Care to comment, or add more ununderstandable short-cuts? Peak is lonely, has time on his hands and is very, very cold up here.


----------



## JJR512 (May 18, 2010)

Peak and Pine said:


> Me, from another currently running thread...
> 
> 
> > ... I'm actually more interested in the phrase back in the day used by the OP, have heard it used unendingly for the past ten years, understand the context, but don't at all get the precision; what exactly is the day?
> ...


Because "heydey" can't directly replace "the day", therefore the fact that it takes the same amount of time to say or write is irrelevant. Nobody says "back in heydey", there's still a 'the' required there.



> And why is it we say _gas_ for _gasoline _but not _vas_ for _vasoline_.


Because "gas" was already a real word, and people saw something familiar to shorten "gasoline" to. "Vas" is not a real word (in English) so it probably never occurred to anyone to shorten it.



> Why is _trou_ for _trouser_ used only in the phrase _drop trou_, but never when buying or wearing them?


Don't know.



> Why is it we say _phone_ for _telephone_, but not _vision _for _television_?


Because "vision" is already an actual word which, were it to be substituted for "television", would confuse the meaning of the sentence; i.e., "Want to watch the vision," isn't immediately clear. How do you watch vision? You need vision to watch anything at all, but it's not something you can see.



> And why has _computer_ never been shortened to anything while_ package_, a measley two syllables, becomes a _pack_ when it holds my smokes, but only then because the mail person does not deliver stuff in _packs_ (tho my previous one did, but only because he rode a mule).


You've never heard of a 'puter?

Answers to the rest of these questions: Because that's the way it is.



> In younger days a pizza was a pizza pie, a limo was a limousine and a deli was a delicatessen. I think the last two shorties have ruined two very beautiful French-derived words and believe a person who calls a limousine a limo deserves never to ride in one. Though I should be allowed to slobber through a pizza without saying pie.
> 
> Businesses abbreviate themselves too, sometimes into nothingness. The Columbia Broadcasting System, better known as CBS, legally changed its name to its initials 20 years ago, making the letters CBS officially stand for nothing. Esso, the country's best known brand of gasoline and a phonetic spelling of the letters SO (for Standard Oil) for no explainable reason in the 70s changed it's name to the very similar, and meaningless, Exxon. (And we are not allowed to pronunce it Exx'n, was we do with Bost'n, Washingt'n and Oreg'n, we must say Ex'awn.)
> 
> Care to comment, or add more ununderstandable short-cuts? Peak is lonely, has time on his hands and is very, very cold up here.


----------



## Peak and Pine (Sep 12, 2007)

JJR512 said:


> Because "heydey" can't directly replace "the day", therefore the fact that it takes the same amount of time to say or write is irrelevant. Nobody says "back in heydey", there's still a 'the' required there.

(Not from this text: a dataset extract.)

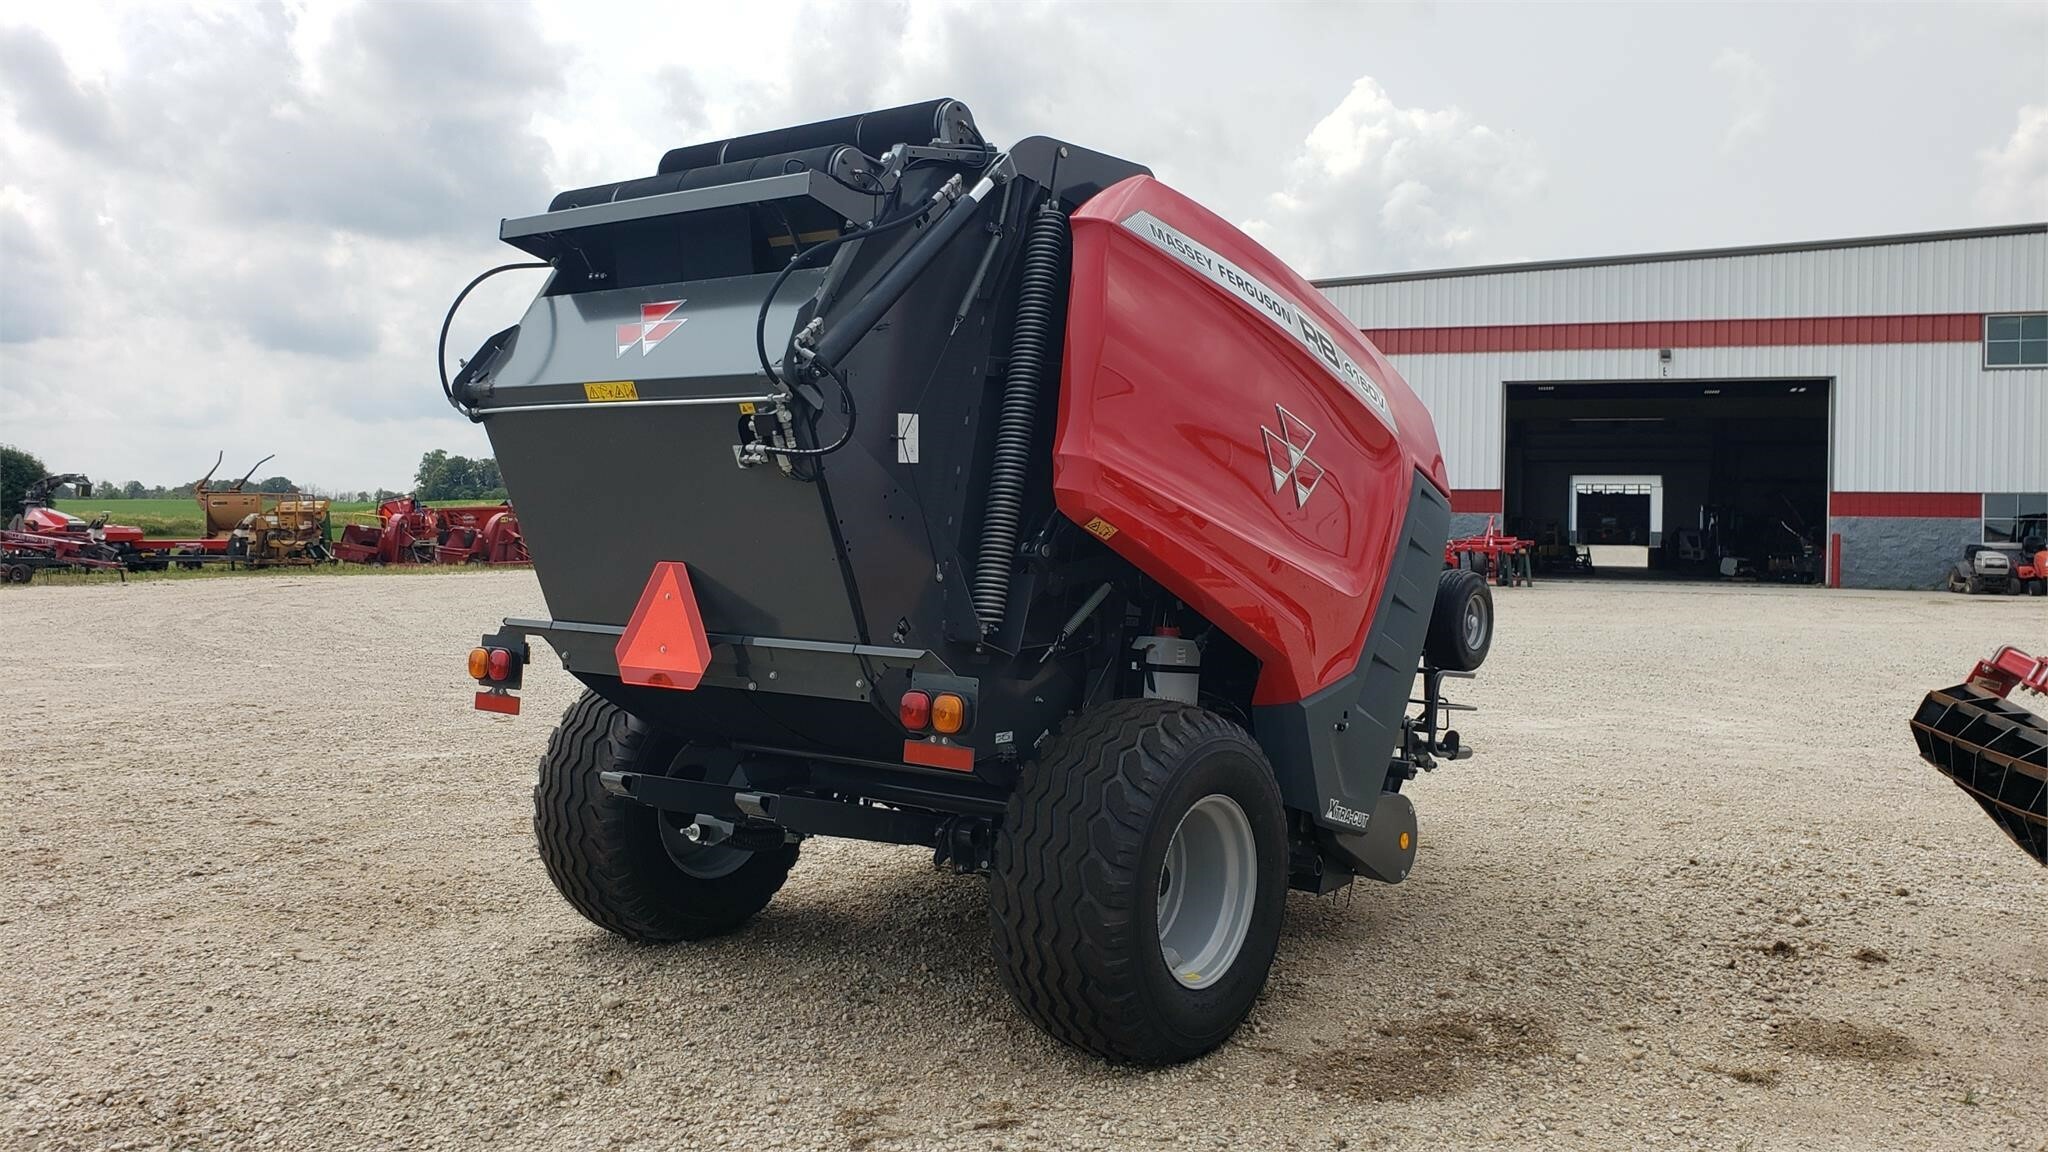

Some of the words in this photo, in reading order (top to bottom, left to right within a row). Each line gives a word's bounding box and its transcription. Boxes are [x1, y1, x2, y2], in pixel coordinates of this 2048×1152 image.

This wasn't really meant to be a debate, just a little rhetorical musing, not always easy to do with you. And it's _heyday_, not heydey. And I don't understand a word of what you just wrote above because it's _the day_ which replaces _heyday_ and not the other way around, and to say _in the heyday_ takes the same amount of time (enunciated syllables) yet is two letters/spaces shorter to write than this damnable _back in the day_


----------



## Peak and Pine (Sep 12, 2007)

And you're correct, I've never heard of a _'puter_.


----------



## Starch (Jun 28, 2010)

Peak and Pine said:


> Esso, the country's best known brand of gasoline and a phonetic spelling of the letters SO (for Standard Oil) for no explainable reason in the 70s changed it's name to the very similar, and meaningless, Exxon.


Actually, it was for a very explainable reason, if you consider "very explainable" to mean something like "requiring a lot of explanation."

Among other things, Esso wasn't really the country's best-known brand of gasoline, as Standard Oil of New Jersey (then the name of the company that used the brand) was only allowed to use it in some states, thanks to a weird mish-mash of antitrust settlements. As a result, the same company was identified by at least three different brand names in different parts of the country.

So changing the brand name to match nationwide, and to match the name of the company as well, wasn't such a bad idea.


----------



## JJR512 (May 18, 2010)

Peak and Pine said:


> This wasn't really meant to be a debate, just a little rhetorical musing, not always easy to do with you. And it's _heyday_, not heydey. And I don't understand a word of what you just wrote above because it's _the day_ which replaces _heyday_ and not the other way around, and to say _in the heyday_ takes the same amount of time (enunciated syllables) yet is two letters/spaces shorter to write than this damnable _back in the day_


First you were talking about "the day" being replaced by "heyday". Your exact words, with your own emphasis duplicated, were, "But _the day_ takes the same amount of time to write or say as _heyday_." It was an assumption on my part that your rhetoric was pondering replacing the modern "back in the day" with the old-fashioned "back in the heyday". But because you were, according to what I just quoted, talking about "the day" vs. "heyday", I pointed out that you cannot simply take out "the day" from the phrase "back in *the day*" and replace it with "heyday", because then you would have, "back in heyday". You need to keep the "the" in there, but you left that out when you wrote what I just quoted from you.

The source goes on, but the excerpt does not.